Storage is planned so cylinders are used in order of which they are received from the supplier. Empty cylinders are segregated from full cylinders. When facility employs cylinders with integral pressure gauge, a threshold pressure considered empty is established. Empty cylinders are marked to avoid confusion. Cylinders stored in the open are protected from weather.
11.3.1, 11.3.2, 11.3.3, 11.3.4, 11.6.5 (NFPA 99)
Observations:
Name: MAIN BUILDING 01 - Component: 01 - Tag: 0923

Based on observation and interview, it was determined the facility failed to maintain storage of oxygen cylinders, affecting one of three levels.

Findings include:

Observation on April 15, 2024, at 10:20 a.m., revealed an unsecured oxygen cylinder, on the second floor, in oxygen storage closet.

Exit Interview with the Administrator and Maintenance Director on April 15, 2024, at 12:00 p.m., confirmed the unsecured oxygen cylinder.

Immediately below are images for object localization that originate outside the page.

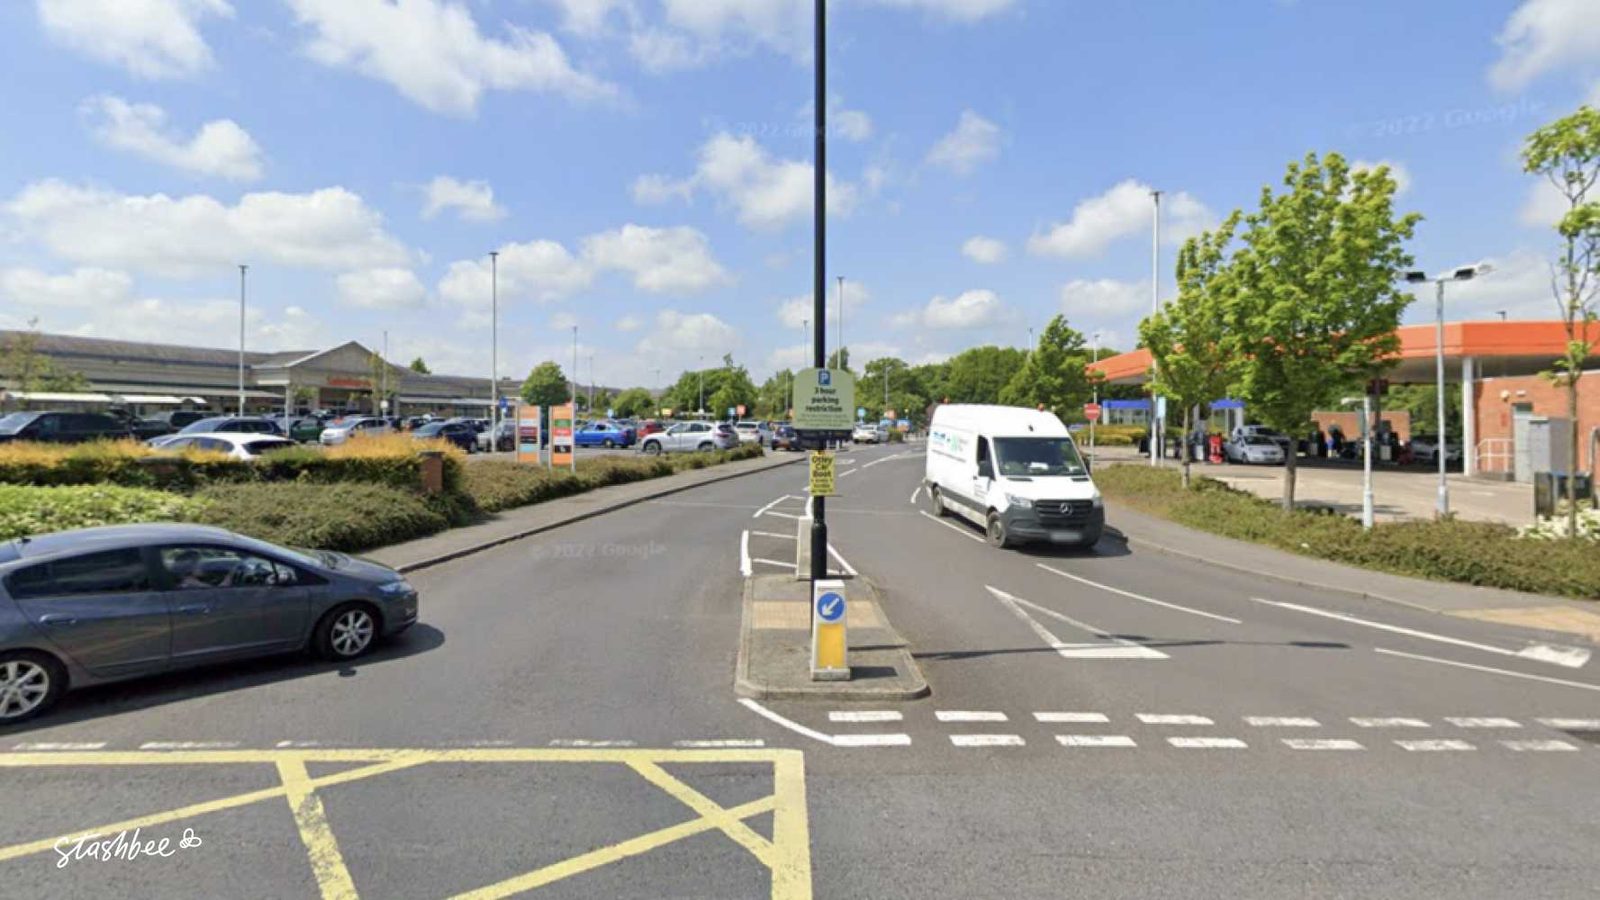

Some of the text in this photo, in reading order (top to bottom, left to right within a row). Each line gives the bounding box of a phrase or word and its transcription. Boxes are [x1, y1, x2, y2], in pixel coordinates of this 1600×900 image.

[820, 387, 837, 395] hour
[811, 396, 839, 405] parking
[805, 405, 843, 413] restriction
[812, 470, 831, 478] Boot
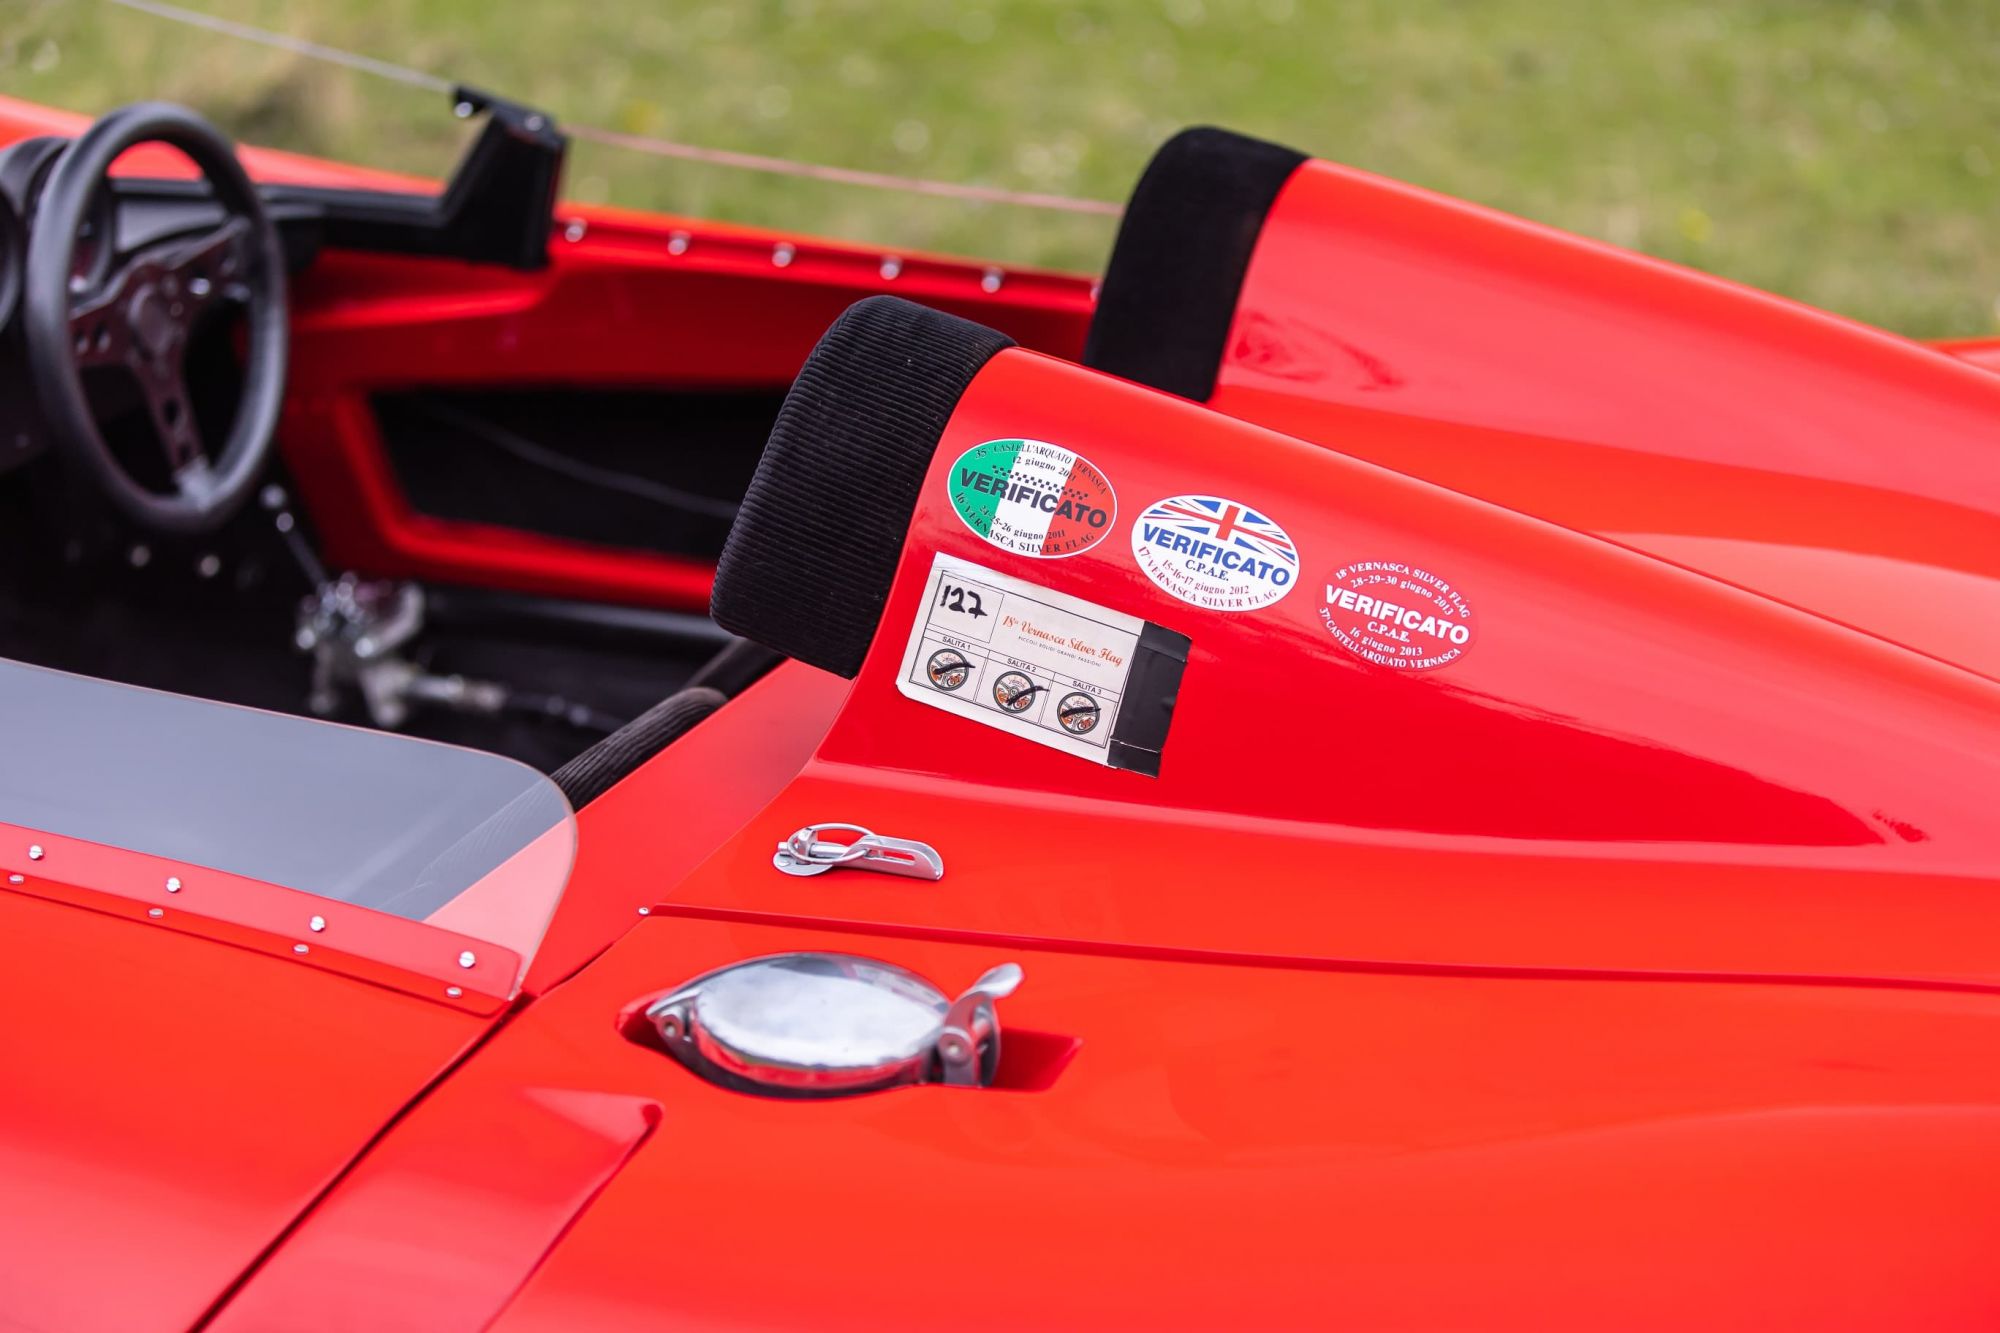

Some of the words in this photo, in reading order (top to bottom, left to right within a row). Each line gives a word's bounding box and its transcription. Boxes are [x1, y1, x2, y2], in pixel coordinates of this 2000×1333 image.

[993, 443, 1072, 464] CASTELL'ARQUATO
[1074, 461, 1108, 495] VERNASCA
[1012, 456, 1021, 464] 12
[1025, 458, 1056, 472] giugno
[1058, 466, 1076, 481] 2011
[960, 468, 1107, 529] VERIFICATO
[964, 505, 1015, 549] VERNASCA
[1018, 542, 1061, 553] SILVER
[1066, 533, 1095, 550] FLAG
[979, 505, 1012, 533] 24-25-26
[1014, 529, 1044, 541] giugno
[1047, 529, 1066, 540] 2011
[1143, 523, 1290, 586] VERIFICATO
[1185, 559, 1229, 582] C.P.A.E.
[1147, 559, 1197, 602] VERNASCA
[1201, 596, 1243, 608] SILVER
[1248, 589, 1277, 606] FLAG
[1162, 559, 1194, 585] 15-16-17
[1195, 582, 1225, 595] giugno
[1230, 585, 1250, 594] 2012
[1349, 561, 1410, 574] VERNASCA
[1413, 568, 1449, 594] SILVER
[1448, 591, 1471, 619] FLAG
[1350, 575, 1398, 589] 28-29-30
[1400, 580, 1433, 598] giugno
[1433, 595, 1454, 616] 2013
[940, 584, 988, 619] 127
[1326, 584, 1470, 644] VERIFICATO
[942, 636, 965, 650] SALITA
[1021, 619, 1065, 645] Vernasca
[1067, 637, 1097, 656] Silver
[1098, 648, 1122, 667] Flag
[1325, 619, 1407, 668] CASTELL'ARQUATO
[1410, 647, 1461, 669] VERNASCA
[1349, 626, 1360, 638] 16
[1361, 635, 1396, 654] giugno
[1399, 646, 1423, 656] 2013
[1367, 621, 1411, 643] C.P.A.E.
[1006, 658, 1029, 671] SALITA
[1072, 680, 1095, 693] SALITA

 Plan of Correction - To be completed: 06/04/2024


1. Nursing Management immediately secured the oxygen cylinder in the proper holder in the storage room.
2. The Maintenance Director or designee will conduct an initial audit to ensure oxygen cylinders are secured in cylinder holders in the storage room.
3. The Maintenance Director or designee will conduct weekly audits x 12 to ensure oxygen cylinders are secured in cylinder holders in the storage room.
4. The Maintenance Director or designee will report findings at monthly safety meetings 3X to the Safety Committee meeting.